How to lube switches on your mechanical keyboard

You need to lube the switches of your mechanical keyboard and treat it as a hobby to get the best typing performance out of this peripheral device. It might sound like an irksome task, but you can make your keyboard perform much better if you lube it regularly.

In this guide, we will discuss the hows and whys — how to lube switches and why you need to do it. We’ll discuss a few lubes you can use in this regard, and we also threw in some troubleshooting techniques in case any issues arise. 

Scroll down to read all about it and get your mechanical keyboard performing at an optimal level. Let’s begin!

How to Lube Switches

Here are the steps: 

  1. You will first need a good lube — you can choose grease-based fluids or oil-based fluids
  2. To lube switches, you will first have to remove them from the keyboard
  3. Next, you must take them apart using a screwdriver or a switch removal tool
  4. It’s a lot easier if you own a hot-swappable keyboard
  5. You will need to lube the lower housing, spring, stem, and upper housing
  6. Once you’re done lubing the switches, you must place them back in the keyboard
Mechanical Keyboard Switches
Mechanical Keyboard Switches

Types of Keyboard Switches

There are three different types of switches that you will find in a mechanical keyboard. These are tactile switches, clicky switches, and linear switches. 

Tactile Switches

These switches come with a tactile bump; you will feel it when you type. However, they produce a pretty good sound if they are not noisy. A cherry-style switch (brown) is an ideal example of this switch. 

Clicky Switches

These switches produce a sound that is more fun. It means that they are much noisier than the other two types. A cherry-style switch (blue) is an excellent example of a clicky switch and is quite noisy. 

Linear switches

If you want to go for switches that don’t produce noise, you should consider linear switches. Keyboards with these switches are much smoother, and these mechanical keyboards seem more like membrane keyboards.

Types of Keyboard Lubes

There are different types of lubes that you can use for this purpose as long as it is not flammable. These fluids have polyol esters, phosphate esters, and water glycols that assist the keyboard switches in easy movement and prevent any damage. 

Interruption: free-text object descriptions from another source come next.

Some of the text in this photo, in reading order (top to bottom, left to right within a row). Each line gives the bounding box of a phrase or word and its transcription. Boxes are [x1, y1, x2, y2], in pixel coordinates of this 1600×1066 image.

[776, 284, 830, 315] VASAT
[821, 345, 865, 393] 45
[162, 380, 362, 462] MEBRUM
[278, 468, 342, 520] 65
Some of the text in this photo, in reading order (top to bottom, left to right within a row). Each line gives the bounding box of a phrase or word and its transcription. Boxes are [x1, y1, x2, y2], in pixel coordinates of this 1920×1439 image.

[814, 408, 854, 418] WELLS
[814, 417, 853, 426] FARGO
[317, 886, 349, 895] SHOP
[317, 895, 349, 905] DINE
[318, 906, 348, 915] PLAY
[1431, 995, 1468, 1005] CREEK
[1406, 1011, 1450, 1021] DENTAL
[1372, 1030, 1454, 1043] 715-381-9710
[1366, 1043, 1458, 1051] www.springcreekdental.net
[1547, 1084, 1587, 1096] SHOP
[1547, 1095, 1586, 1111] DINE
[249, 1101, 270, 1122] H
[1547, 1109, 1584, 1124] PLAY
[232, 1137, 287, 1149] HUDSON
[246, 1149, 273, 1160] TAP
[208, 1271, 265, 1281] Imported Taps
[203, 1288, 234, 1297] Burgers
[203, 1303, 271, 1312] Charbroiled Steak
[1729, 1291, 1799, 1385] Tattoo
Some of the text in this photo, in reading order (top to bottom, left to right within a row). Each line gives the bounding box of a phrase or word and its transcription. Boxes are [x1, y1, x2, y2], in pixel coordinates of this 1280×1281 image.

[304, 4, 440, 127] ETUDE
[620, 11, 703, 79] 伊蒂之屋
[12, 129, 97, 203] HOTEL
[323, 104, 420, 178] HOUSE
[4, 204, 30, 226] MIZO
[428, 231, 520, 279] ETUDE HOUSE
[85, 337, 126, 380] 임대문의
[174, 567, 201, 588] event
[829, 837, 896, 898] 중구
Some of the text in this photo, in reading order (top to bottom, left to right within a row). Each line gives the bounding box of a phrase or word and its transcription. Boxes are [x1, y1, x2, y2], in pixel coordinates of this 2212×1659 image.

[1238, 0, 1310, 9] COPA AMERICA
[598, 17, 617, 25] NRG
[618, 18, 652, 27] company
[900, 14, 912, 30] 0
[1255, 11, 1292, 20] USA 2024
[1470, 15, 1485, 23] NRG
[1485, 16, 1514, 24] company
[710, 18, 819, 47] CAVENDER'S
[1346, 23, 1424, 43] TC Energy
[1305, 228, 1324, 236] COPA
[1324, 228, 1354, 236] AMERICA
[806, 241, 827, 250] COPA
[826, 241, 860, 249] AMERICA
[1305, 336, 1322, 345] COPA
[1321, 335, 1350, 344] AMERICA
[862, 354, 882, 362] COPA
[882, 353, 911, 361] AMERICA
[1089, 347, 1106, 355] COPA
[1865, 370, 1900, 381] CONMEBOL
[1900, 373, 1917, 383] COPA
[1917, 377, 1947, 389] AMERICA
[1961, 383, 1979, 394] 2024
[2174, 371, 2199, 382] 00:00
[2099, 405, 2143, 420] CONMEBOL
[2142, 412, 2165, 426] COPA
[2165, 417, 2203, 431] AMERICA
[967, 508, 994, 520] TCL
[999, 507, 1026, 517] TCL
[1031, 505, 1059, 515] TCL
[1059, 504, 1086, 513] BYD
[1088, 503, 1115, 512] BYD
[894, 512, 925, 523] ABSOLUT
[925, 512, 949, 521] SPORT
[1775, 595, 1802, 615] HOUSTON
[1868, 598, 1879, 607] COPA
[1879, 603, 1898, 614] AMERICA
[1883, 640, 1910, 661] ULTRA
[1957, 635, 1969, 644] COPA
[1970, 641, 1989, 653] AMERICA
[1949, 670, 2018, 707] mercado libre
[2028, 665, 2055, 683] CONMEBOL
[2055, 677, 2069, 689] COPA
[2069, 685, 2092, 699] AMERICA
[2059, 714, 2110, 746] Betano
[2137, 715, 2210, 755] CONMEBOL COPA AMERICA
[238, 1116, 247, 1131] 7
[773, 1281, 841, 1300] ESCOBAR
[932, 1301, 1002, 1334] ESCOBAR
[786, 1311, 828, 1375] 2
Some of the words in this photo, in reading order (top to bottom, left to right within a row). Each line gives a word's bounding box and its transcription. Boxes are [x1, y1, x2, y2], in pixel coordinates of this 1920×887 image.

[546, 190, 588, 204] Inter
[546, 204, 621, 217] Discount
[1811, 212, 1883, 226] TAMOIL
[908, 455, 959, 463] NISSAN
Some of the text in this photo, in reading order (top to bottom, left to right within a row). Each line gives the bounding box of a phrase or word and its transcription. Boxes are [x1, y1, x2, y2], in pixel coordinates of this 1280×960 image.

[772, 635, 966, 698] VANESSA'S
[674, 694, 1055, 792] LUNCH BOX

You have to consider the viscosities of these various fluids. The most popular fluids for this purpose are Krytox 105 oil, Tribosys 3204, Tribosys 3203, and Krytox 205g0. And their numbers tell you how viscous these fluids are. 

Primarily, there are two types of lubricants that you should consider:

Grease-Based Fluids

These fluids are ideal for linear switches because they have higher viscosities. You can apply them to spring, stem, housing, and switch parts. These are much thicker and are highly effective for reducing friction. 

Oil-Based Fluids

These fluids have lower viscosities than grease-based fluids, and they are ideal for use on the upper surfaces because they can reduce the overall feel factor. They are great for lubing the stem, housing, and other switch parts

Why Lube Keyboard Switches?

There are various reasons why you need to lube your keyboard switches. Some of the most prominent ones are as follows: 

Improved Sound

People go for mechanical keyboards because they are way better than their membrane counterparts due to their improved sound. Read our comparison of Mechanical vs Membrane keyboards if you want to learn more!

Membrane keyboards are muted and mushy, while the mechanical switches tend to produce a cleaner and more resonant sound, and it won’t disturb your senses while you’re typing. And what if we tell you that there is a way you can improve that sound? 

You can do so by lubing your keyword switches. Your keyboard will sound much fuller. This lube is thicker, tends to remove high-frequency sounds, and provides your ears with more pleasing sounds while you’re typing.

But there is a chance that you might end up over-lubing your switches, and with excessive lubrication, you might start getting that membrane keyboard sound. So, you must be very careful when lubing your keyboard switches. 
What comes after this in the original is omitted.